By Jonathan Crawford and Liz Farmer, Capital News Service
ANNAPOLIS - Maryland's General Assembly opened its annual 90-day session Wednesday with optimism that an end to divided government will help move the Democratic agenda forward. But the optimism was tempered by the prospect of a looming budget deficit and some potentially difficult legislative battles.
"I wouldn't say it's euphoria, but it's a feeling of happiness," Senate President Thomas V. "Mike" Miller, D-Prince George's, told reporters just before the opening. "The tension is gone . . . There's a feeling that people will work together."
Such a mood of cooperation, if indeed it materializes, would be a sharp departure from the last four years of bitter partisan battles between the Democrat-controlled legislature and the out-going Republican governor, Robert L. Ehrlich.
Indeed, barely after the opening gavels came down, and the two houses finished swearing in members and completing procedural matters, the new incoming Democratic governor, Baltimore Mayor Martin O'Malley, drew warm applause and cheers when he was introduced to each house.
"Progress is bipartisan and I'm looking forward to working with all of you," he told the Senate.
Of the 188 state legislators, 137 are Democrats. The party gained five seats in the House to out-number Republicans by 2-1, and Democrats make up a three-quarters majority in the Senate.
Still, the coming session will not be without controversy, whether within the Democratic Party or between the two parties.
At a breakfast meeting with reporters, Miller threw cold water on the idea that revenue-raising measures would lead to expanded government programs.
"I don't like the idea of tax, tax, tax, spend, spend, spend," he said.
On the other hand, Miller spoke approvingly of slot machine legislation, which he has supported for the last four years. This year, he said, may be the session to finally get it passed.
"I'd like to do it right now, sooner rather than later. You kill the snake while you got the hoe in the hand," he said.
However, his counterpart in the House of Delegates, Speaker Michael E. Busch, D-Anne Arundel, said he saw no need to take up the issue this year, according to the Associated Press.
And though O'Malley has said he favors slots, he told reporters Wednesday he didn't see a consensus for it this year.

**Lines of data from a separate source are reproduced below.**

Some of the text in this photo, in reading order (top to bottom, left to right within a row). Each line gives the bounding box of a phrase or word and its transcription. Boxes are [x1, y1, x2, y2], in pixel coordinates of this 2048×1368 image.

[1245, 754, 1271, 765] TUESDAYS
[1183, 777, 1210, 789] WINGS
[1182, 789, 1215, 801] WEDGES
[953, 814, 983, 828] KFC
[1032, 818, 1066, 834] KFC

"I don't think I'll be able to pull people together around that thorny problem until after the legislative session," he said.

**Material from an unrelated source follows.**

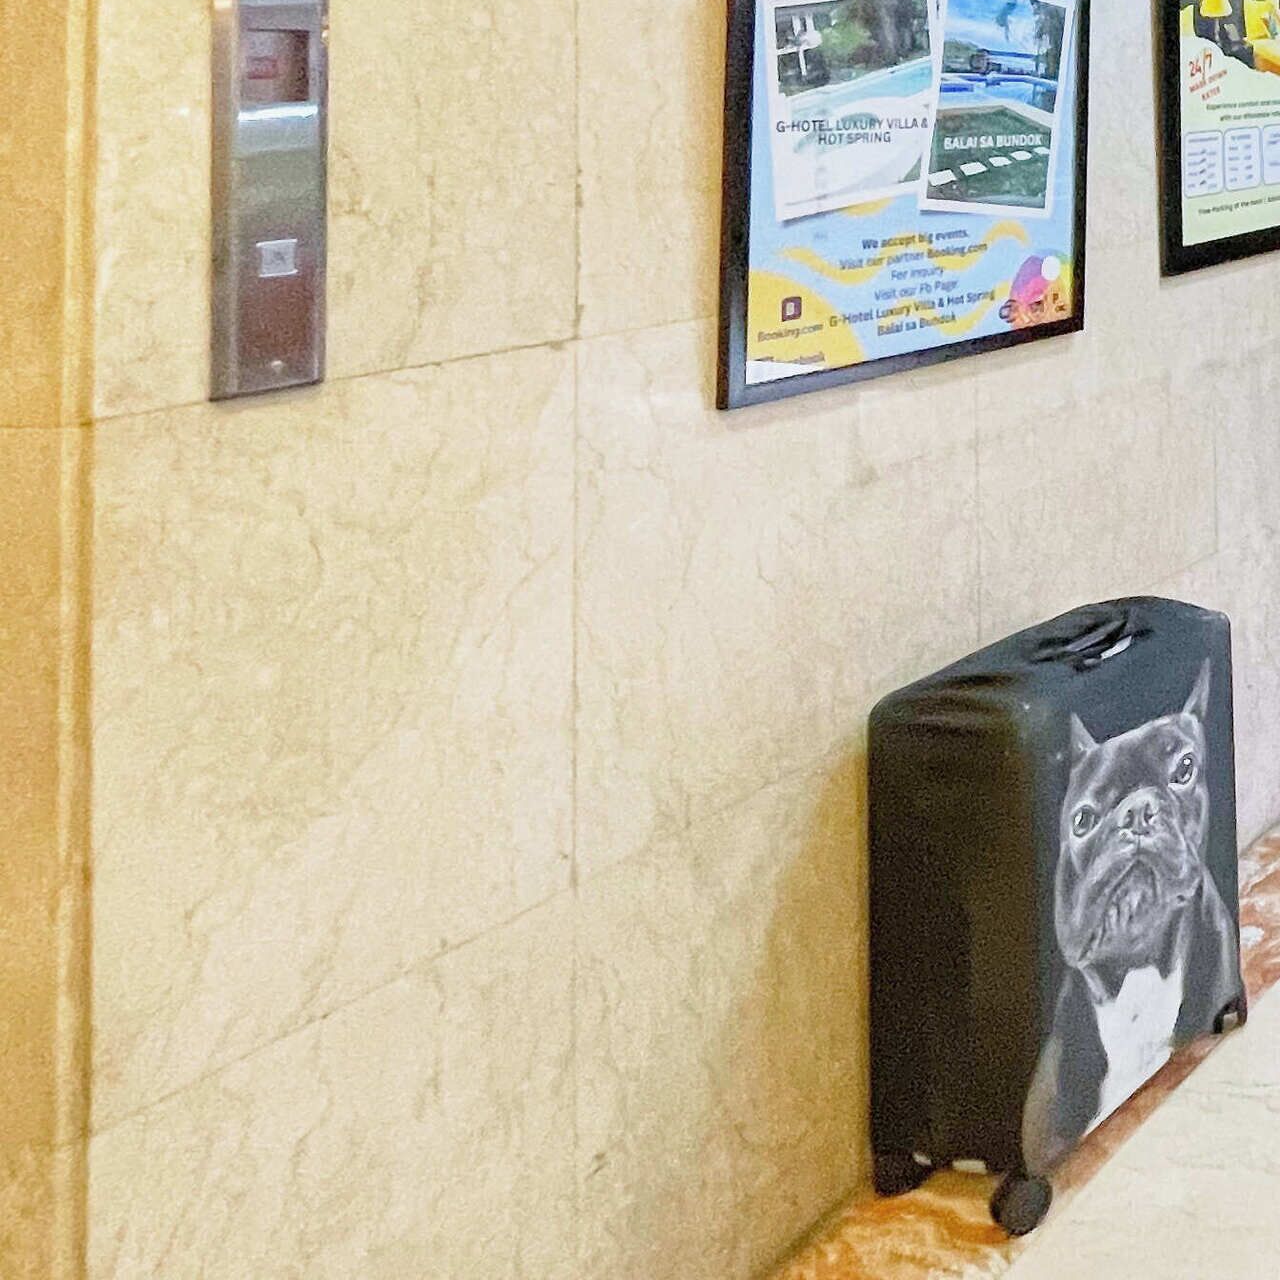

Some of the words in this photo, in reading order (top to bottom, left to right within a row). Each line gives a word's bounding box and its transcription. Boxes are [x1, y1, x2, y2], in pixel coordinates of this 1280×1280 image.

Among the other issues expected to come before the legislators this session are a return of the early voting bill; an effort to get a so-called "paper trail" from electronic voting machines; efforts to fund education, new environmental standards for autos and a proposed cigarette tax increase.
Despite their shrunken numbers, Republicans vowed to make their presence felt.
"We'll have to see if they consider the results of the election a mandate and decide to set the state further, much further, to the left," said Sen. David R. Brinkley, R-Carroll and Frederick, the new Senate minority leader.
The 423rd legislative session opened in the typical celebratory fashion, with handshakes and congratulations for the newly-elected members and friendly welcomes for the returning members. The State House swarmed with spectators as legislators and their families lined up to be photographed with Busch. Delegate Joseline A. Pena-Melnyk, D-Prince George's, posed with her husband and three children.
"I'm looking forward to getting to know my colleagues," said the newly elected delegate, who listed health and education among her top priorities.
For many, it was a family affair. In the House lounge, Delegate S. Saqib Ali, D-Montgomery, sat in a couch holding sleeping infant daughter Sofia.
Over at the computers, Christian Anderson, 17, son of Delegate Curtis S. Anderson, D-Baltimore, played a game with friends Cathy and Joseph LoGrande. Other families toured the State House and met Max, the bomb-sniffing dog. During both the house and senate sessions, many members simply sat with their children on their laps.
Notably missing from the hubbub was Ehrlich, who according to aides, was in meetings all day.
As legislators made their way to the State House through near-freezing temperatures, they were greeted by anti-abortion messages from about a dozen Defend for Life protesters on Lawyer's Mall.
"When they vote for abortion, they vote for the destruction of life," said Vincent Perticone, a 66-year-old Taneytown resident. Kevin Davis, a protester from Towson, said he wanted legislators to end abortion and what he called "the baby holocaust."